TASK: Each entry should be duplicated verbatim; its pictures should not be.

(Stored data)
··········
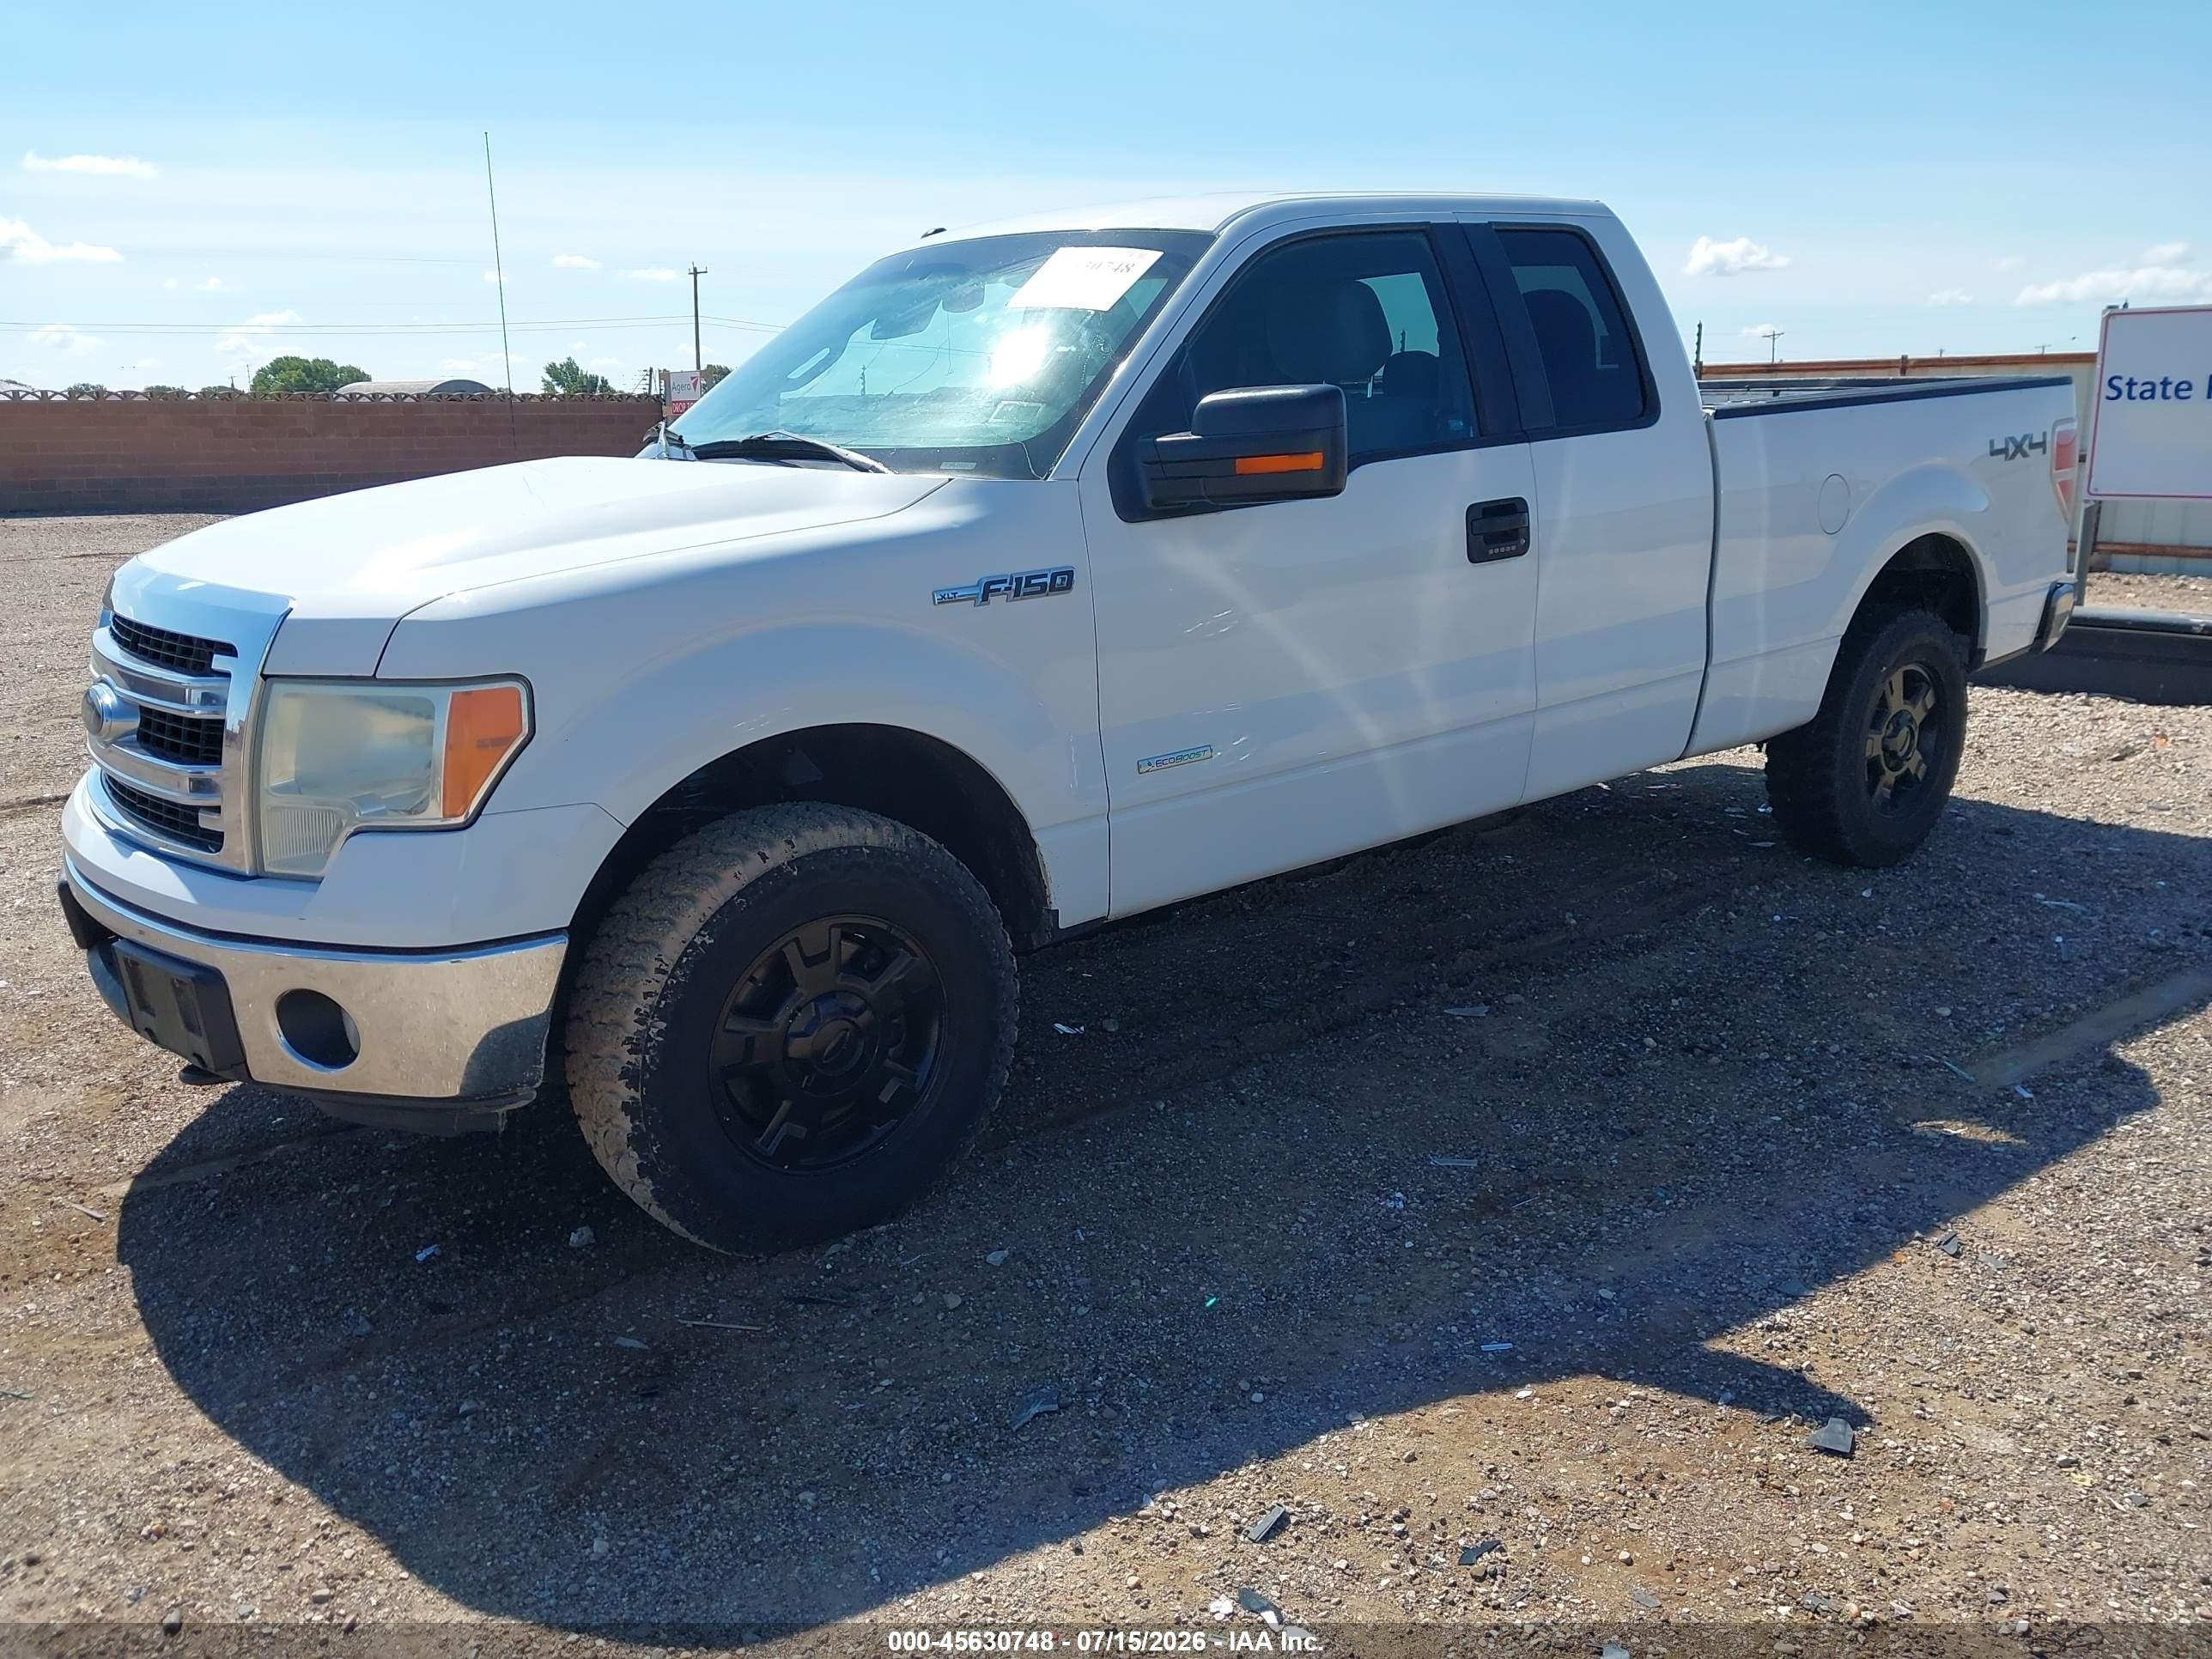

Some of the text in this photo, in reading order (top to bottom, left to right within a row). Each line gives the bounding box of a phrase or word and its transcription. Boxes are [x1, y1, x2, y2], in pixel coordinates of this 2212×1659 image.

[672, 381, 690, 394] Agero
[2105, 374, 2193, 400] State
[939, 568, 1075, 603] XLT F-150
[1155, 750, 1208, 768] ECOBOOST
··········
ANSWER AREA:
Some of the text in this photo, in reading order (top to bottom, left to right within a row). Each line gives the bounding box of a phrase or word and its transcription. Boxes are [x1, y1, x2, y2], in pixel coordinates of this 2212×1659 image.

[672, 381, 690, 394] Agero
[2105, 374, 2193, 400] State
[939, 568, 1075, 603] XLT F-150
[1155, 750, 1208, 768] ECOBOOST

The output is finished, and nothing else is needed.